MEG WAITE CLAYTON talks in Amsterdam

MEG WAITE CLAYTON at a John Adams Institute event

Last Train to London reaches Amsterdam  

In the 9 months preceding the outbreak of the Second World War, approximately 10 000 children, mostly Jewish, were sent via train from Europe to safety in Britain. Known as the Kindertransport (children’s transport), this incredible feat would not have happened without the help of fearless people like Dutch resistance fighter, Geertruida (Truus) Wijsmuller-Meijer. Strangely, her story is little known, even within the Netherlands. Truus’s role in this life-saving initiative is brought alive in Meg Waite Clayton’s new novel, ‘Last Train to London’. Already a best seller in the United States and Canada, Clayton was in Amsterdam last night at the John Adam’s Institute to celebrate the book’s release in Dutch – ‘Last Train to Freedom’.

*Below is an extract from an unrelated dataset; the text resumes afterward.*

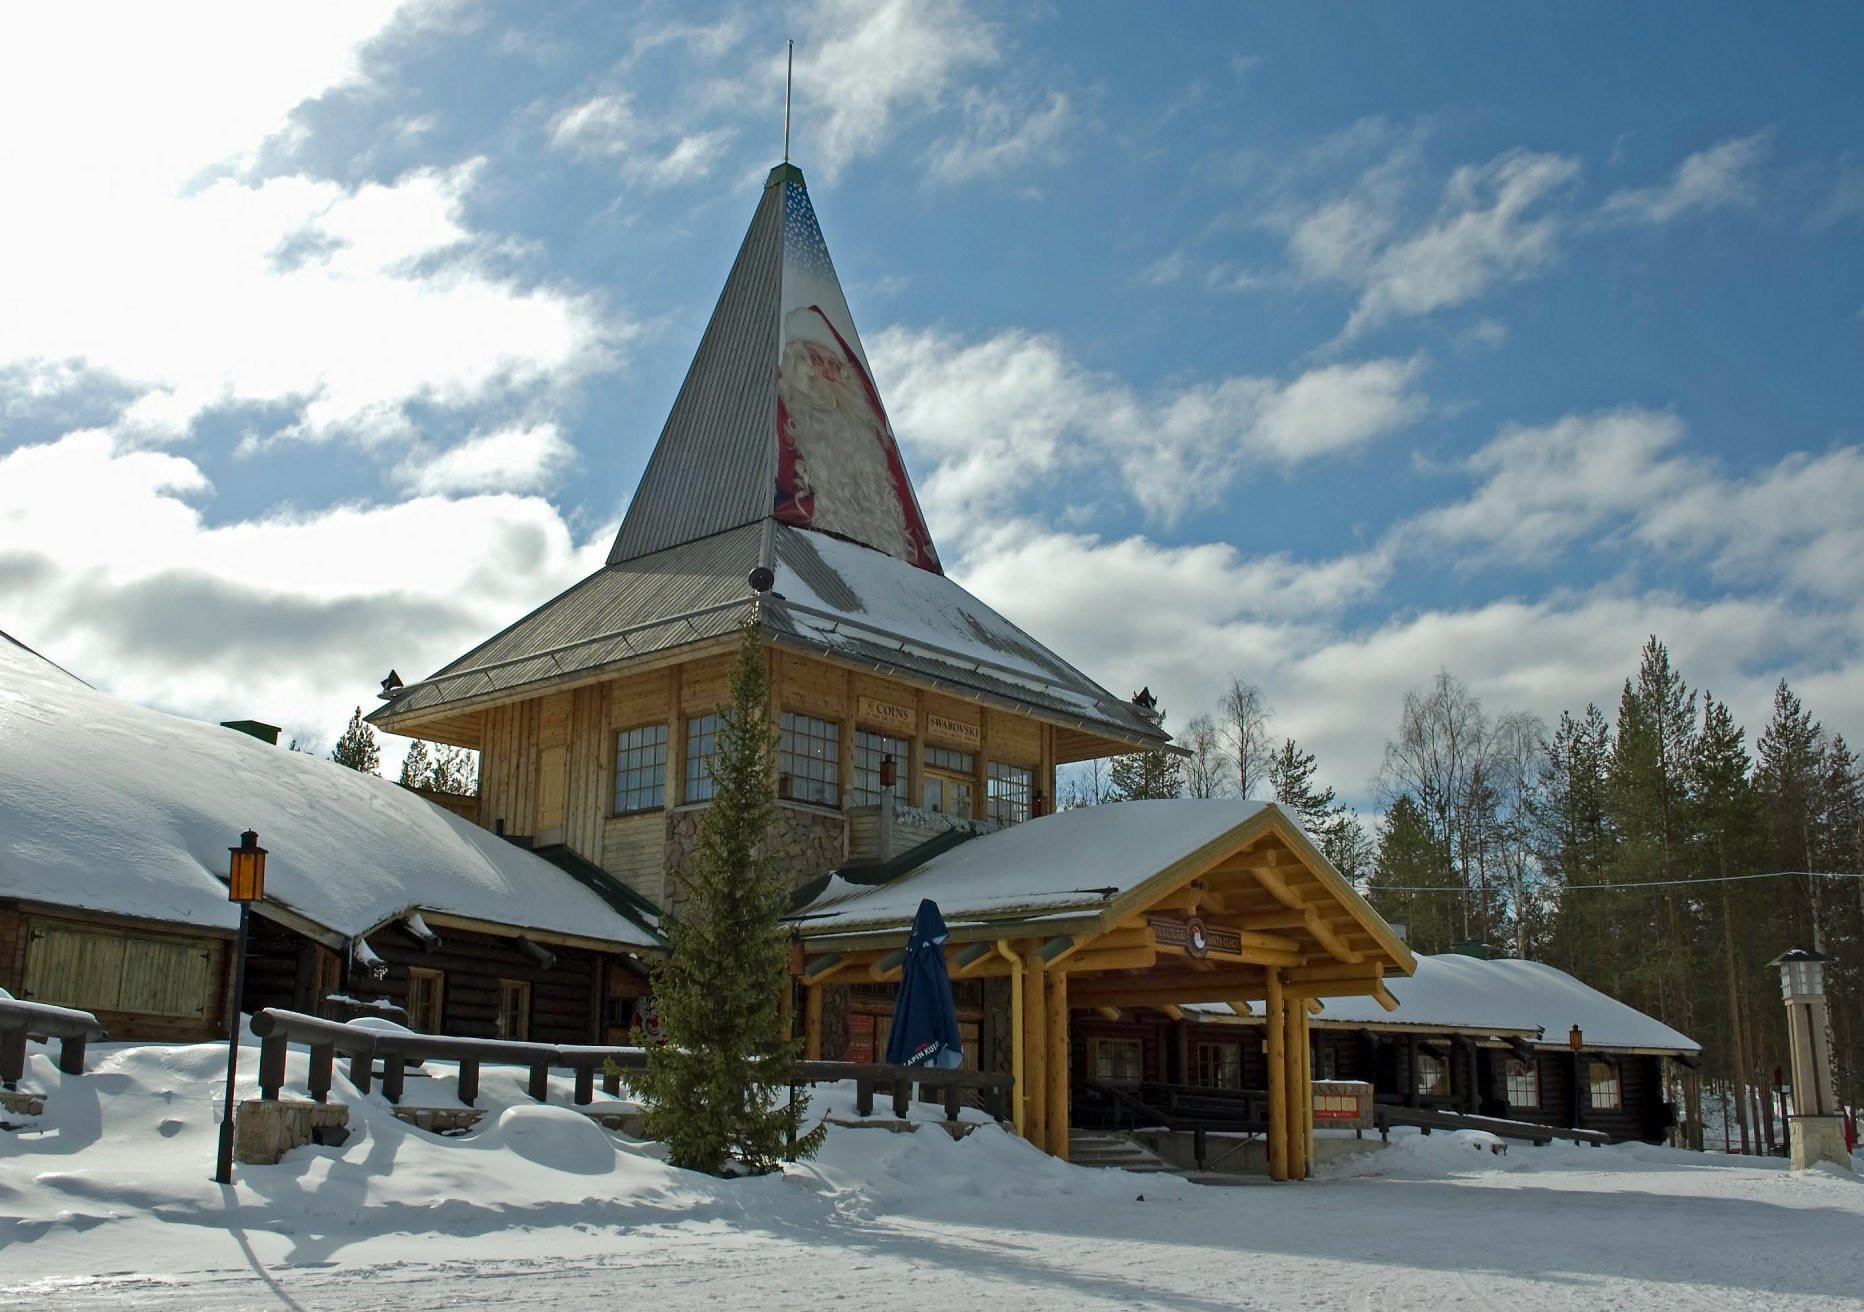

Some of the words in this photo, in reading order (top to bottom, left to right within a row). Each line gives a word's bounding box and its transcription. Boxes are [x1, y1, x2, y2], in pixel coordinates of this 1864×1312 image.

[876, 703, 909, 721] COINS
[930, 715, 979, 738] SWAROVSKI
[903, 1050, 925, 1067] APIN

Last Train to London is Meg Clayton’s seventh novel, but she admits that she has never felt such a strong attachment as she felt for Truus during the writing of the novel. ‘She’s everything I want to be when I grow up. I think she’s extraordinary!’ Clayton tells us. However there are many things which the American author agrees will never be known about this Dutch woman, in spite of meticulous research spanning more than a decade. The American writer had never heard of the Kindertransport until her normally upbeat son came home from school one day noticeably subdued. He had been involved in interviewing one of the Kindertransport survivors and was understandably moved by what he had learnt.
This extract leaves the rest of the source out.